──────── SOURCE DATA

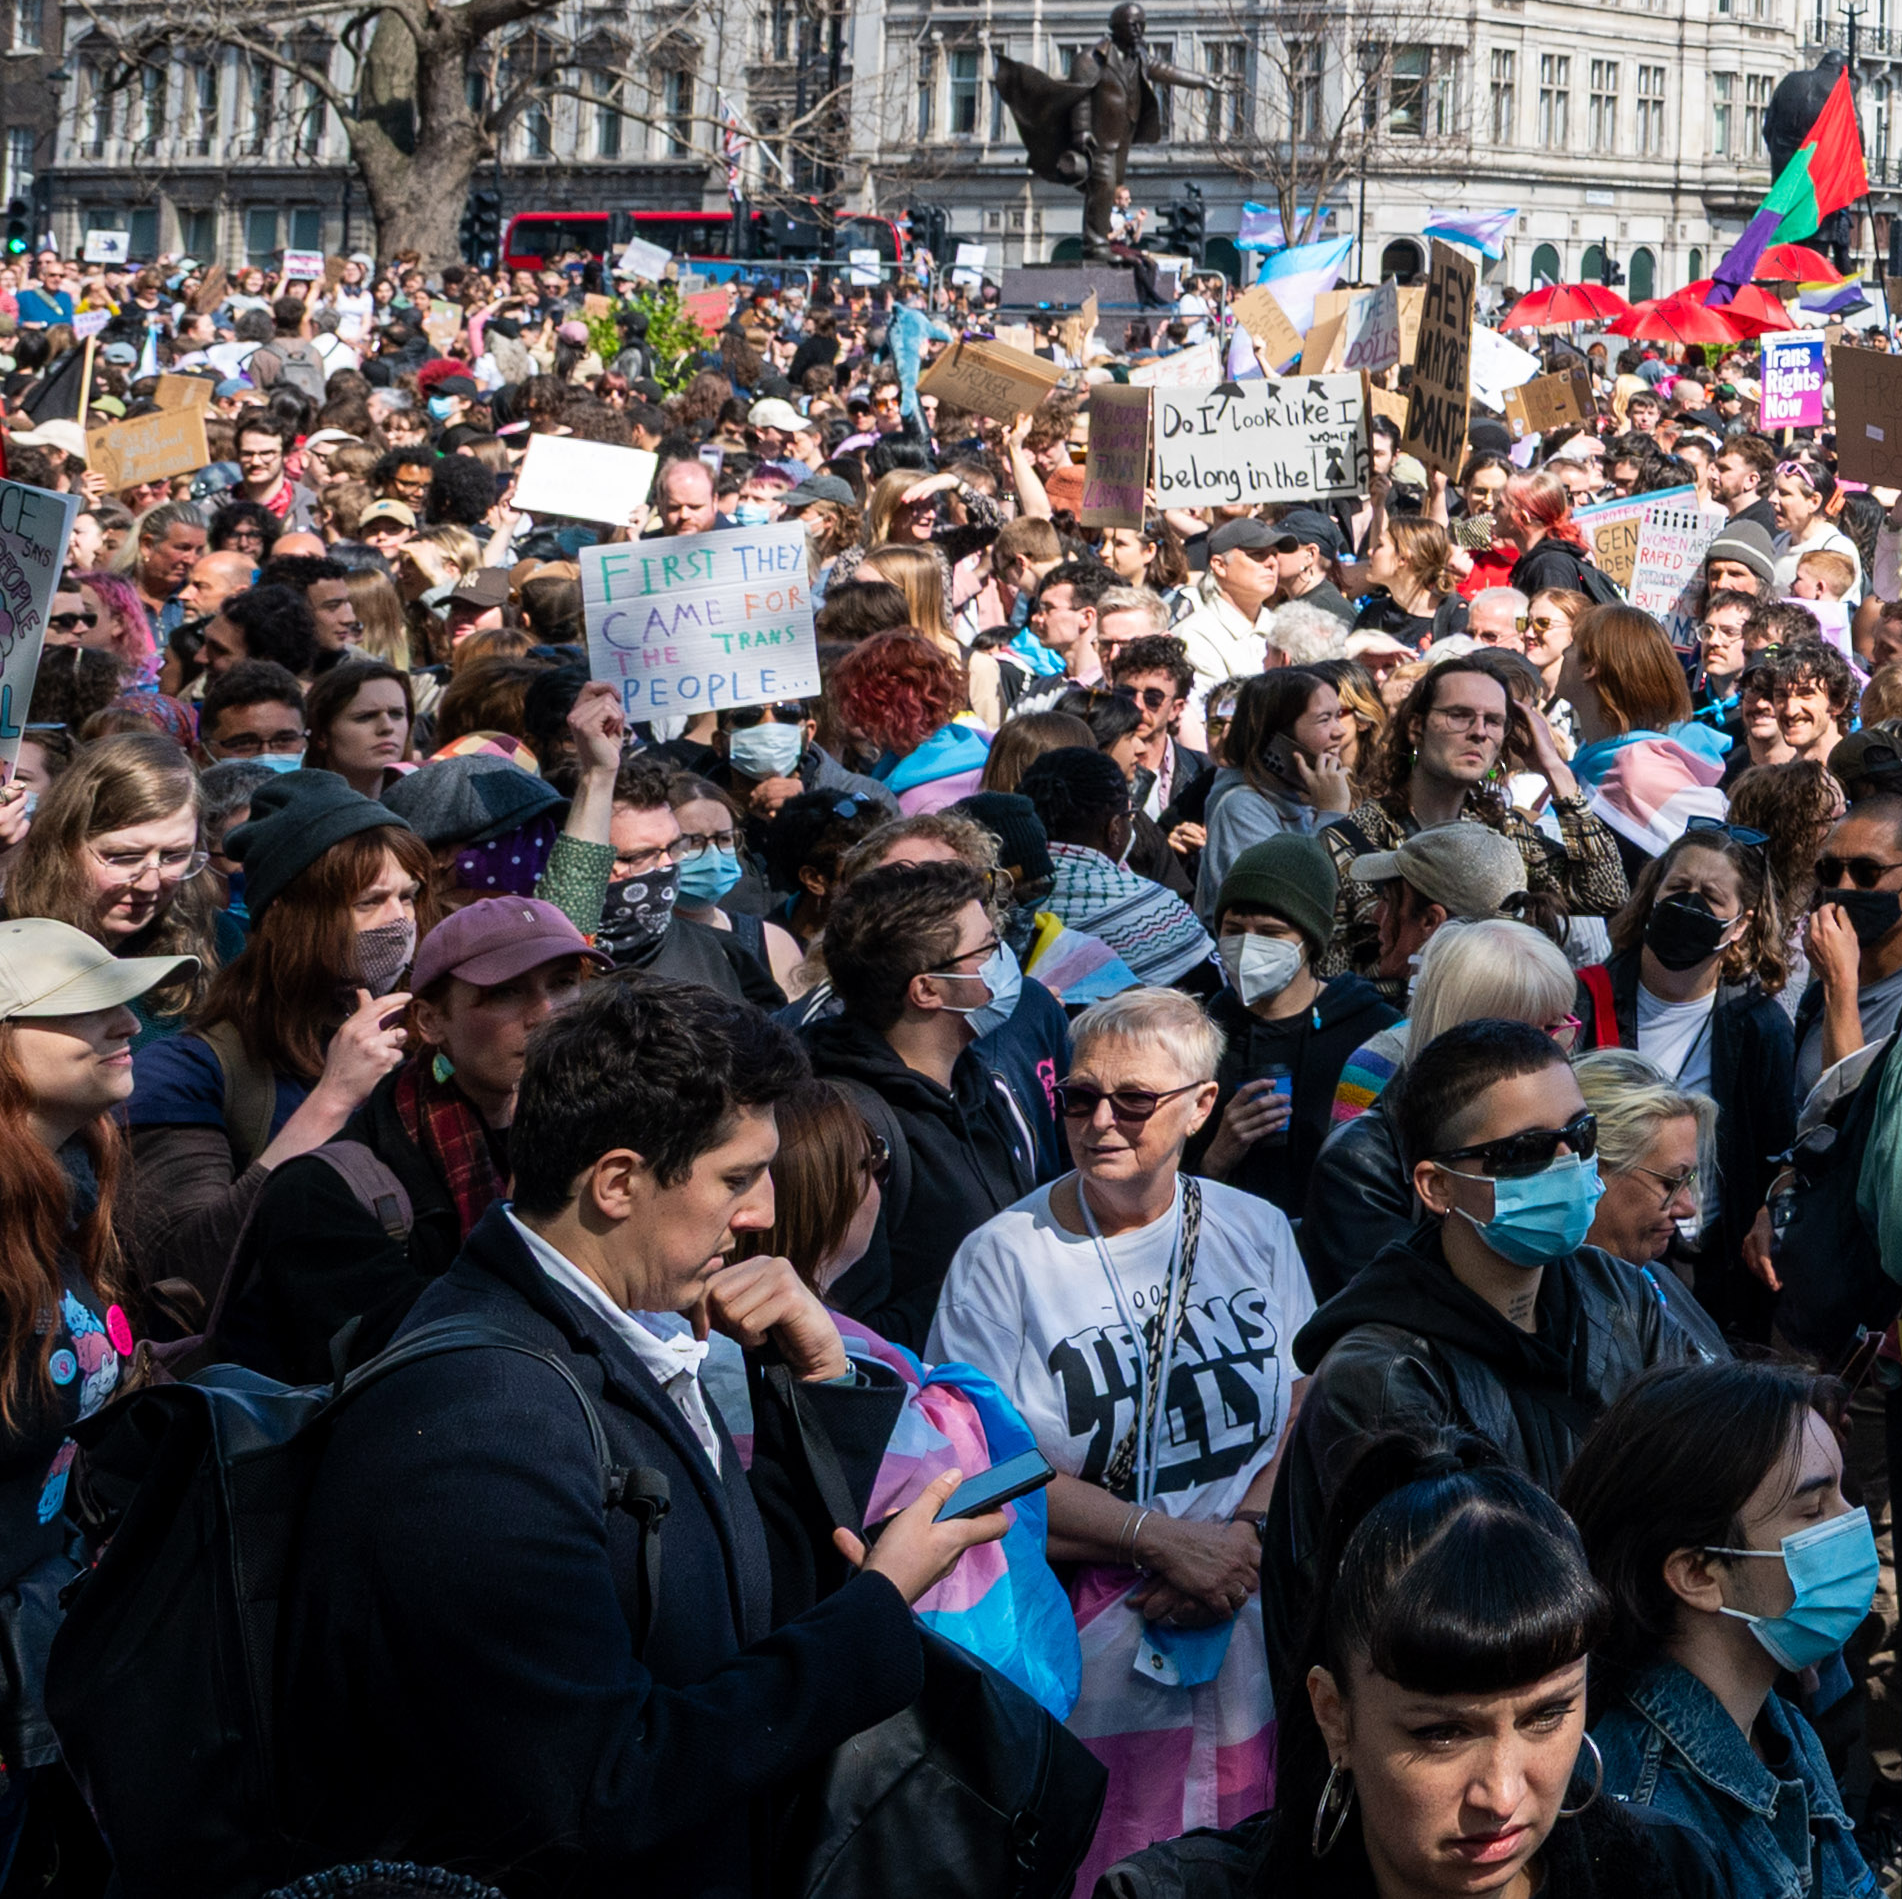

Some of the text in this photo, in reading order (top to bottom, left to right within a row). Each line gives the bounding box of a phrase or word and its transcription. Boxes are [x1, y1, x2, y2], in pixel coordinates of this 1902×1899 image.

[1425, 260, 1473, 336] HEY
[1345, 327, 1398, 368] DOLLS
[1416, 328, 1468, 393] MAYBE
[1764, 346, 1811, 368] Trans
[1765, 369, 1821, 397] Rights
[1163, 399, 1357, 438] Do I look like I
[1765, 396, 1803, 419] Now
[1309, 430, 1358, 443] WOMEN
[1159, 455, 1242, 502] belong
[1246, 461, 1271, 490] in
[1275, 461, 1309, 488] the
[23, 539, 53, 569] SAYS
[1640, 547, 1683, 570] RAPED
[1642, 533, 1688, 551] WOMEN
[600, 544, 803, 605] FIRST THEY
[1636, 590, 1664, 608] BUT
[602, 584, 805, 650] CAME FOR
[610, 625, 797, 676] THE TRANS
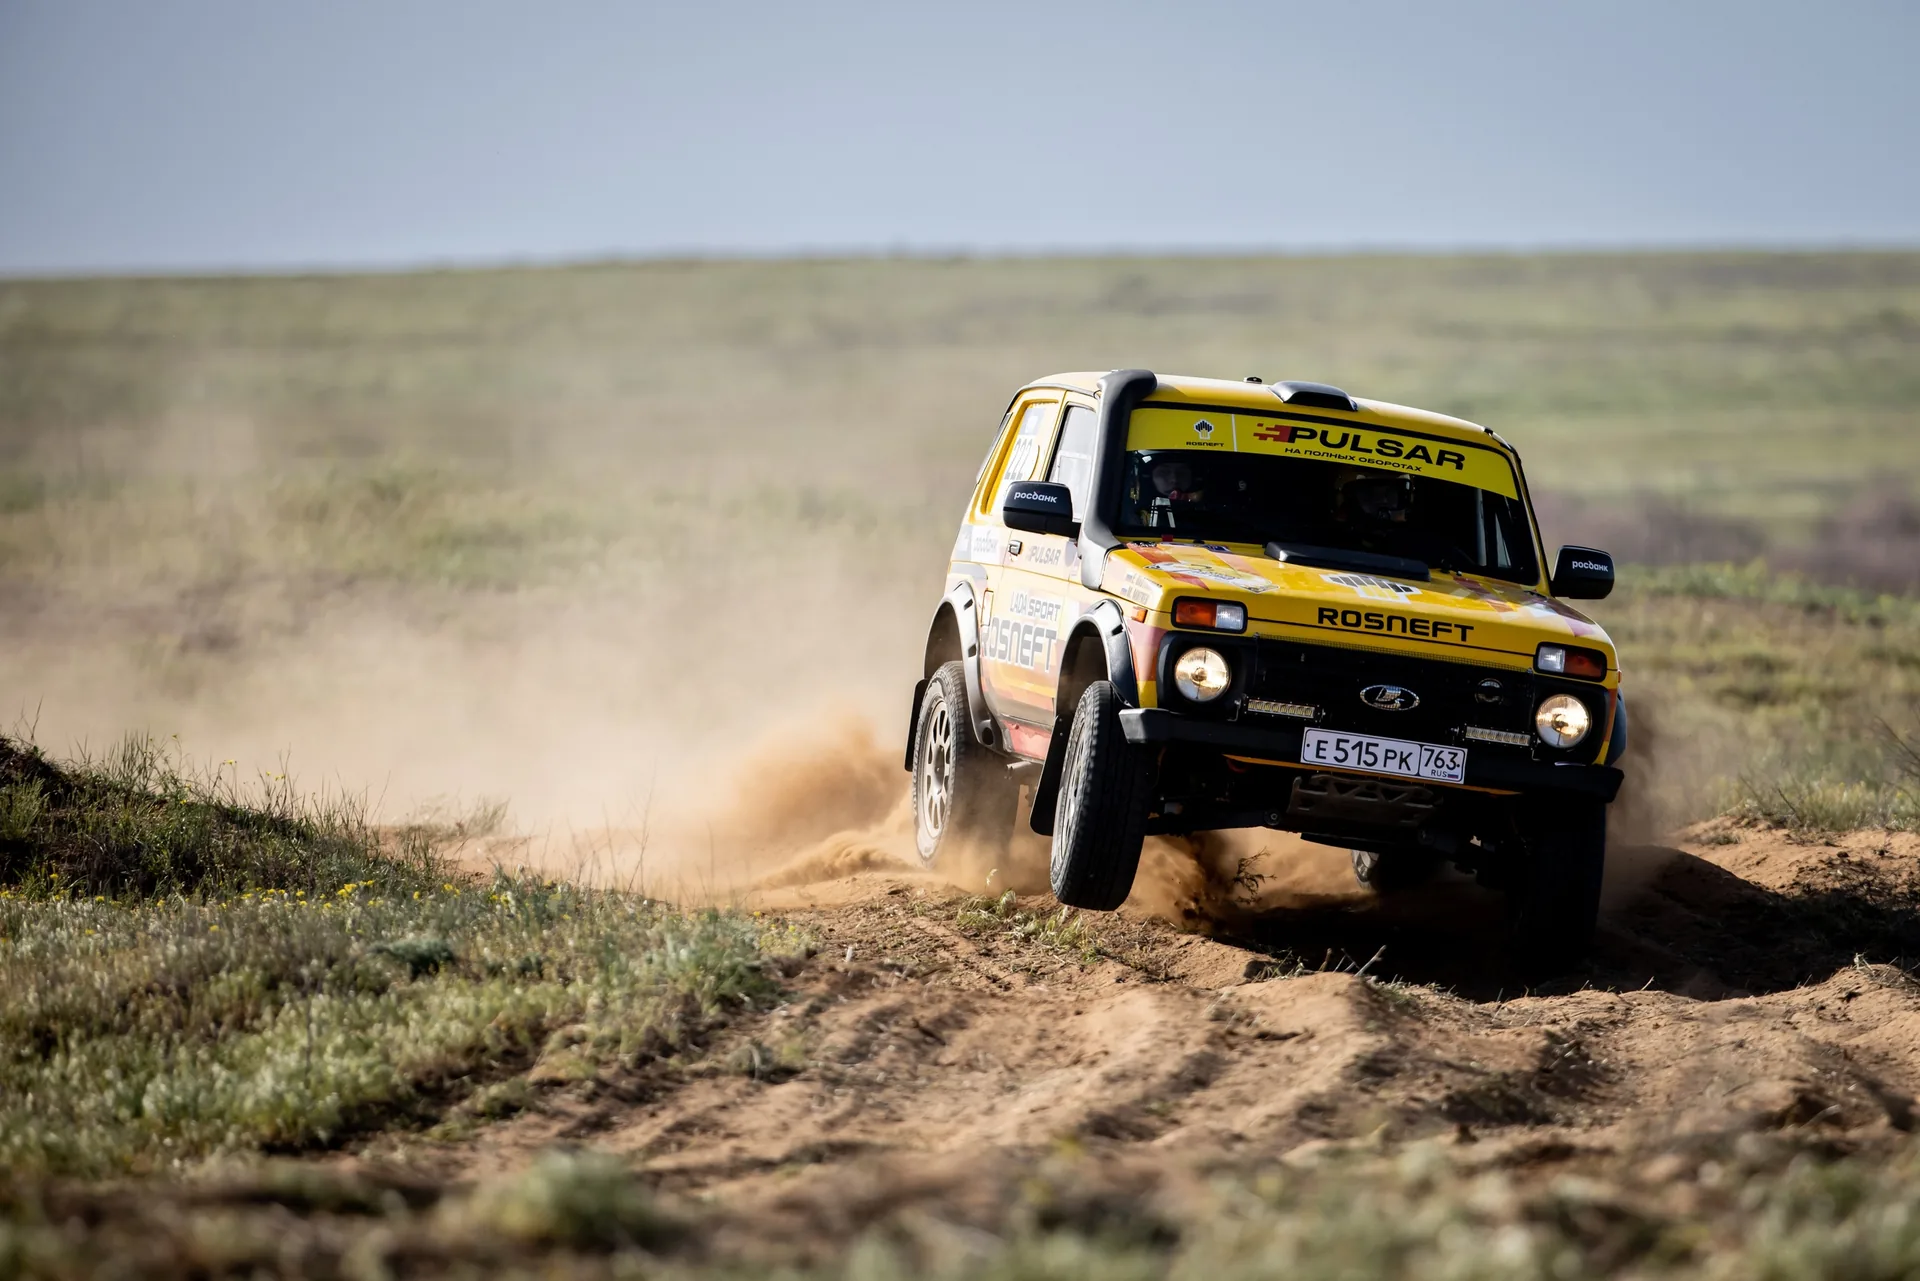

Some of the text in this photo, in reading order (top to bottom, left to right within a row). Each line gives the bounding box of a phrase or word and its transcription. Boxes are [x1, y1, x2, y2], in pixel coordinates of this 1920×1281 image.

[1284, 447, 1422, 472] НА ПОЛНЫХ ОБОРОТАХ
[1288, 426, 1466, 471] PULSAR
[1014, 491, 1057, 503] росбанк
[1030, 545, 1062, 565] PULSAR
[1572, 560, 1608, 571] росбанк
[1028, 597, 1062, 622] SPORT
[1318, 607, 1474, 642] ROSNEFT
[1423, 748, 1458, 770] 763
[1431, 769, 1447, 778] RUS

────────────────

EXERCISE REQUIREMENTS: Could you copy the data above exactly, leaving the pictures out?

YOUR RESPONSE:
Some of the text in this photo, in reading order (top to bottom, left to right within a row). Each line gives the bounding box of a phrase or word and its transcription. Boxes are [x1, y1, x2, y2], in pixel coordinates of this 1902×1899 image.

[1425, 260, 1473, 336] HEY
[1345, 327, 1398, 368] DOLLS
[1416, 328, 1468, 393] MAYBE
[1764, 346, 1811, 368] Trans
[1765, 369, 1821, 397] Rights
[1163, 399, 1357, 438] Do I look like I
[1765, 396, 1803, 419] Now
[1309, 430, 1358, 443] WOMEN
[1159, 455, 1242, 502] belong
[1246, 461, 1271, 490] in
[1275, 461, 1309, 488] the
[23, 539, 53, 569] SAYS
[1640, 547, 1683, 570] RAPED
[1642, 533, 1688, 551] WOMEN
[600, 544, 803, 605] FIRST THEY
[1636, 590, 1664, 608] BUT
[602, 584, 805, 650] CAME FOR
[610, 625, 797, 676] THE TRANS

Some of the text in this photo, in reading order (top to bottom, left to right within a row). Each line gives the bounding box of a phrase or word and its transcription. Boxes are [x1, y1, x2, y2], in pixel coordinates of this 1920×1281 image.

[1284, 447, 1422, 472] НА ПОЛНЫХ ОБОРОТАХ
[1288, 426, 1466, 471] PULSAR
[1014, 491, 1057, 503] росбанк
[1030, 545, 1062, 565] PULSAR
[1572, 560, 1608, 571] росбанк
[1028, 597, 1062, 622] SPORT
[1318, 607, 1474, 642] ROSNEFT
[1423, 748, 1458, 770] 763
[1431, 769, 1447, 778] RUS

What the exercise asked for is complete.